OUAGADOUGOU — An Islamist group carrying out public executions and amputations in northern Mali this week said it now rejects "all forms of extremism and terrorism" and is ready to talk with the government.
The turnabout was announced by a representative of an Ansar Dine delegation that has been holding talks for the past several days with mediators in the capital of neighboring Burkina Faso.
It was not immediately clear whether the declaration would affect the group's imposition of its form of strict Islamic Shariah law in the regions under its control. Nor was it clear whether the delegation in Ouagadougou represents all elements within Ansar Dine, which has links to al Qaeda.
Representative Mohamed Aharid said the group is "ready for a frank and constructive dialogue with all national bodies representing the traditional authorities of Mali."
He also said the group, which controls the fabled town of Timbuktu and large swaths of the north, would "observe a complete secession of hostilities to guarantee free movement of persons and goods and to facilitate relief operations in the zones under their control."
The meetings in Burkina Faso appear to be part of a new, regional attempt to set up negotiations to resolve the Mali crisis ahead of a possible military intervention that is expected to be led by African forces with logistical backing from the European Union and the United States.
France is heading the international effort to plan the military campaign to end the Islamists' occupation.
14 rhinos found with horns illegally removed
JOHANNESBURG — Police say 14 rhinos in two South African provinces have been found dehorned in the past week.
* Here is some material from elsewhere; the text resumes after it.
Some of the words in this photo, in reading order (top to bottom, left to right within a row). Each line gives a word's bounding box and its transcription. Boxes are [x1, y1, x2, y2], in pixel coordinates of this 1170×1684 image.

Three of them died.
Capt. Paul Ramaloko said late this week that 11 of the rhinos were found at the Hartzhoogte game lodge in the country's North West province, where two had died.
Capt. Ramaloko said a driver taking tourists on a game safari in the Eastern Cape found three dehorned rhinos that had been darted, including one that died. He said the surviving rhinos are being treated and police are investigating.
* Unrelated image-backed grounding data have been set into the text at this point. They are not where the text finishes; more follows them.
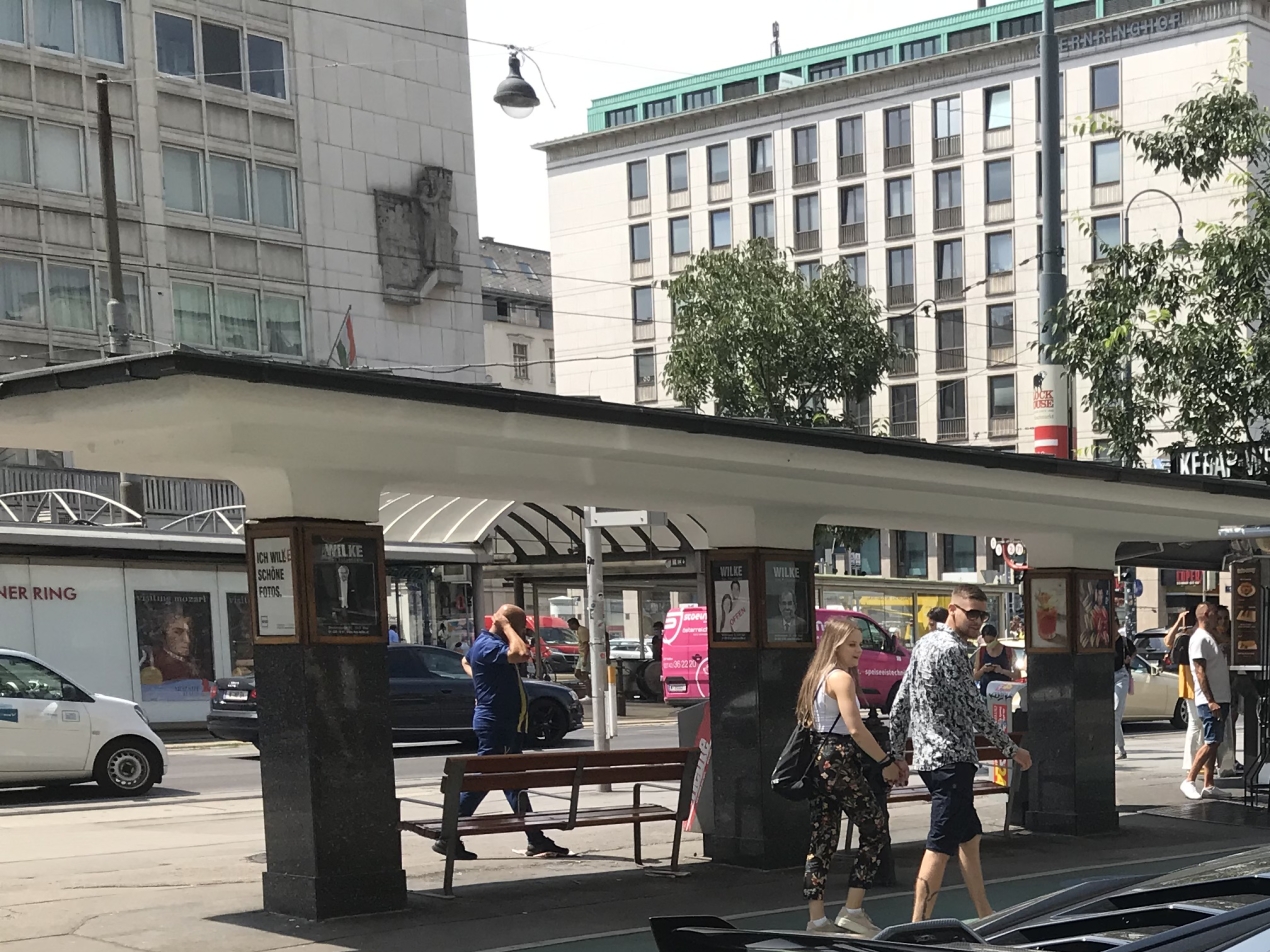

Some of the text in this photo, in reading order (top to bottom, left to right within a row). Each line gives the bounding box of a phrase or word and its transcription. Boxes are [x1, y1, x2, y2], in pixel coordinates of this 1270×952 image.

[1035, 11, 1180, 57] OERNRINGHOF
[257, 551, 269, 564] ICH
[322, 543, 364, 558] WILKE
[257, 565, 285, 581] SCHÖNE
[720, 565, 743, 577] WILKE
[773, 566, 800, 578] WILKE
[33, 586, 77, 601] RING
[174, 594, 207, 603] mozart
[258, 585, 283, 598] FOTOS.
[729, 607, 747, 627] OFFEN
At least 458 of the country's endangered rhinos have been illegally hunted and killed this year.
South Africa is home to some 20,000 rhinos. Growing Asian demand for rhino horn is believed to be behind the poaching spike.
One killed, many trapped in shopping center collapse
ACCRA — A five-story shopping center built earlier this year in a bustling suburb of Ghana's capital collapsed Wednesday, killing at least one person and leaving several dozen people trapped in the rubble, authorities and eyewitnesses said.
Rescue crews used cranes to try to remove debris from the top of the building amid fears that machinery sifting through the wreckage could injure trapped survivors. Crowds of bystanders gathered as rescuers sifted through concrete and glass.
The fatality at the Melcom Shopping Center at Achimota, a suburb of Accra, was confirmed by Public Affairs Officer of the Ghana Fire Service Billy Anaglate.
President Bashir recovering from surgery in Saudi Arabia
KHARTOUM — President Omar al-Bashir is recovering from a minor surgery in Saudi Arabia, the official Sudanese news agency reported this week.
The presidential press secretary Emad Sidahmed told SUNA on Tuesday that the surgery was successful and Mr. Bashir was expected to leave the hospital in "the next few hours." He did not say what the surgery was for.
The agency had reported Monday that Mr. Bashir was heading to Saudi Arabia for a medical checkup related to an inflammation of the vocal cords. Media reports last month had said Mr. Bashir also underwent surgery on his vocal cords in Qatar.
Mr. Bashir, 68, is Sudan's longest-serving president since independence in 1958. He came to power in a 1989 military coup.
Newspaper editor shot in suspected robbery
LAGOS — The top editor of the Nigerian Compass daily newspaper was shot in a suspected robbery attempt in the country's southwest.
Sina Kawonise, the managing director and editor-in-chief, was shot in the leg Monday while traveling through Osun state, the newspaper said, adding that a police officer traveling with him also was shot. Both survived.
Mohammed Garba, the president of the Nigerian Union of Journalists, said he was aware of the attack, but he did not believe the shooting involved politics because other travelers were violently robbed along the same highway at the same time. However, the newspaper said Mr. Kawonise recently received unspecified threats over the Internet.
Security agencies and thugs routinely harass and beat journalists in Nigeria. Eighteen journalists have been killed in the country since 1992, according to the Committee to Protect Journalists.